Housing and Mortgages
The following post compiles what I’ve learned in Module 3 of the course.
Reinhart and Rogoff studied the big 5 crises and other 13 bank-centered crises and noted that housing appreciation is general feature of financial crises.

To understand the financial crisis, we first need to understand the housing crisis and for that we need to know about mortgages.
Yes, The Financial crisis and the Housing crisis are different, The Housing crisis was a primary driver for The Financial crisis which then led to The Great Recession.
Mortgages
Fixed: The standard mortgage in the United States has a 30-year term, with fixed interest rates. Every year you pay interest and an amortization of the loan.
Adjustable: These have adjustable interest rates for all or part of the term (“ARMs”, 2/28, 5/25 or 5/1) with the adjustable rate set to some spread above a reference rate. Initial fixed rate will typically be lower than for 30-year fixed mortgage, sometimes called a teaser.
Mortgages can also divided as below
Prime: These mortgages conform with the measures set by the government on various parameters. These then can be packed and sold as Mortgage backed securities to Government Sponsored Enterpises which are then insured by them.
NonPrime: Subprime: Targetted to those who have tarnished credit histories and have little savings for down payments.
Alt-A: These are near prime mortgages given to those who have minor problems in credit.

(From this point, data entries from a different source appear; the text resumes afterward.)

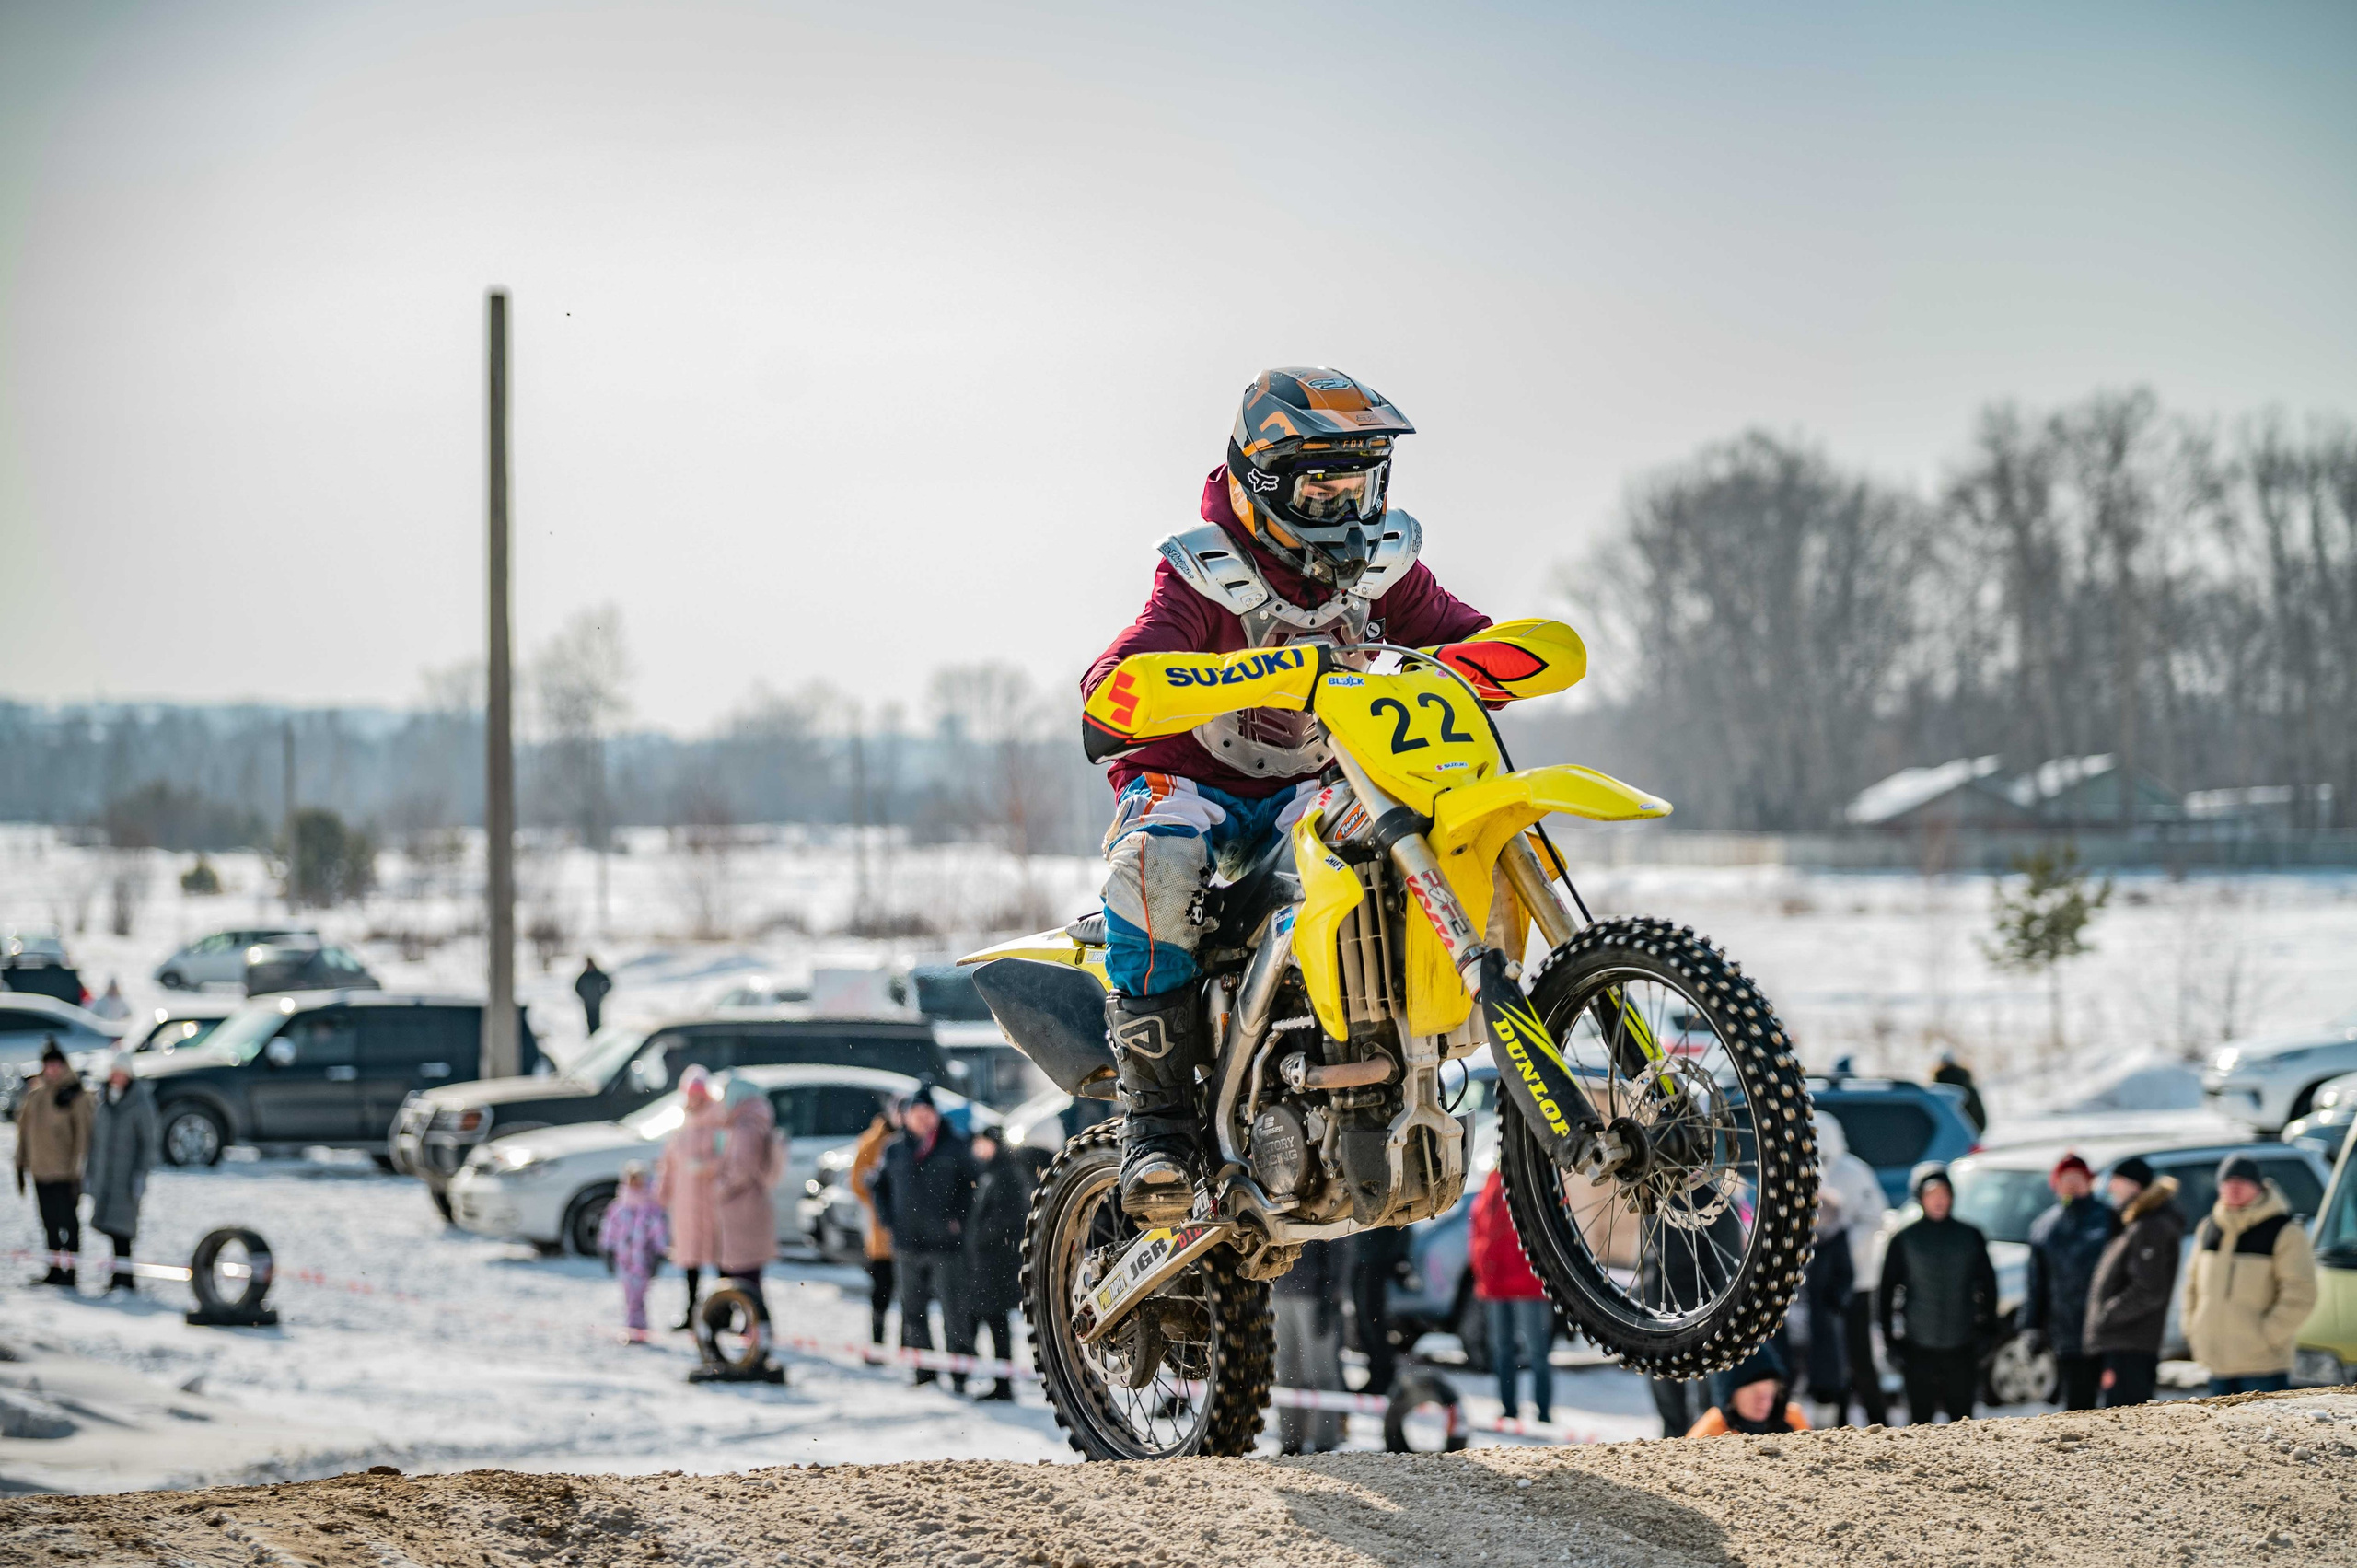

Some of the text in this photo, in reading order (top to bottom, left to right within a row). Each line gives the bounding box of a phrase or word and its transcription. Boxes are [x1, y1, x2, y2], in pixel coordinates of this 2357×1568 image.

[1342, 439, 1364, 448] FOX
[1165, 648, 1305, 687] SUZUKI
[1370, 692, 1475, 755] 22
[1340, 816, 1359, 836] Twin
[1325, 855, 1345, 871] SHIFT
[1492, 1017, 1570, 1137] DUNLOP
[1128, 1237, 1168, 1281] JGR

In 2000s, Subprime Mortgages exploded.

Note: Observe that a major chunk of Subprime loans were securitized. We’ll use that in a later module.

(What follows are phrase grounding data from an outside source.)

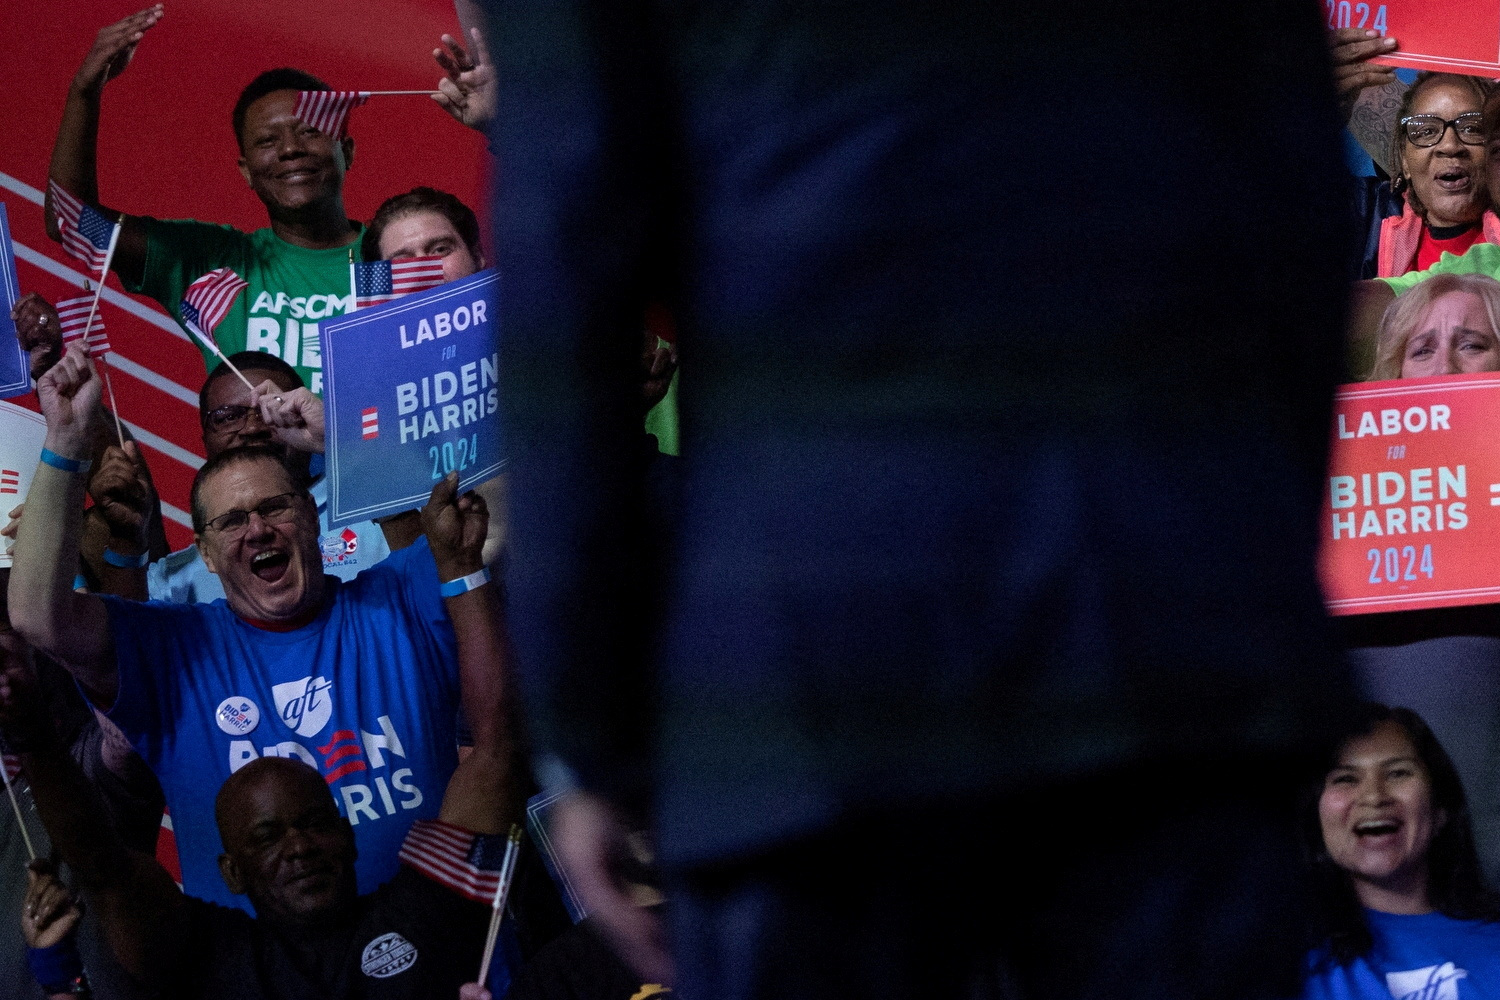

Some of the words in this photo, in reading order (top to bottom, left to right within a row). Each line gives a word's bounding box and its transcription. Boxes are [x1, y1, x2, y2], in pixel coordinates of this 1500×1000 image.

[400, 300, 487, 349] LABOR
[441, 344, 457, 361] FOR
[396, 353, 499, 416] BIDEN
[400, 387, 499, 444] HARRIS
[1338, 404, 1451, 440] LABOR
[429, 433, 478, 480] 2024
[1386, 445, 1406, 460] FOR
[1330, 464, 1467, 509] BIDEN
[1332, 501, 1468, 540] HARRIS
[1367, 543, 1434, 584] 2024
[224, 703, 252, 727] BIDEN
[282, 676, 332, 732] aft

Subprime Mortgages - Are they designed to fail?
In a typical subprime mortgage, an initial “teaser” rate will be set to adjust relative to a short term interest rate, say the libor rate after two or three years, usually to be much higher than the original rate.
A borrower can get out of this higher rate by refinancing, but this action may incur a pre-payment penalty.
This sounds like a horrible trap, like a financial product that is “designed to fail”.
So when will these subprime mortgages make sense?
-> When everybody expects housing prices to increase. Let’s see how that’ll work.
Let’s say the home value at time t is 100,000 dollars and initial “equity” (down payment) in the house is 10,000 dollars. Now the home appreciates to 120,000 dollars after 3 years. The owner’s equity rises to 30,000 dollars! So the owner will refinance his loan after 3 years from a new bank which will give them a slightly bigger mortgage due to appreciation of the house and they will incur a pre-payment penalty from the old bank and pay them off using the slighty bigger mortgage from the new bank and this way no extra money goes out of their pocket and they have more equity in the house!
That might not be clear at first, go ahead read it multiple times, it’s not like you have some deadlines. (That’s why you are still reading this stupid blog right?)
Foreclosure
In the United States, foreclosure was a national phenomenon, but was worst in the sand states of: Arizona, California, Florida, Nevada. (Where you get to see them beaches)

All types of loans had a high foreclosure rate with the subprime adjustable loans performing the worst.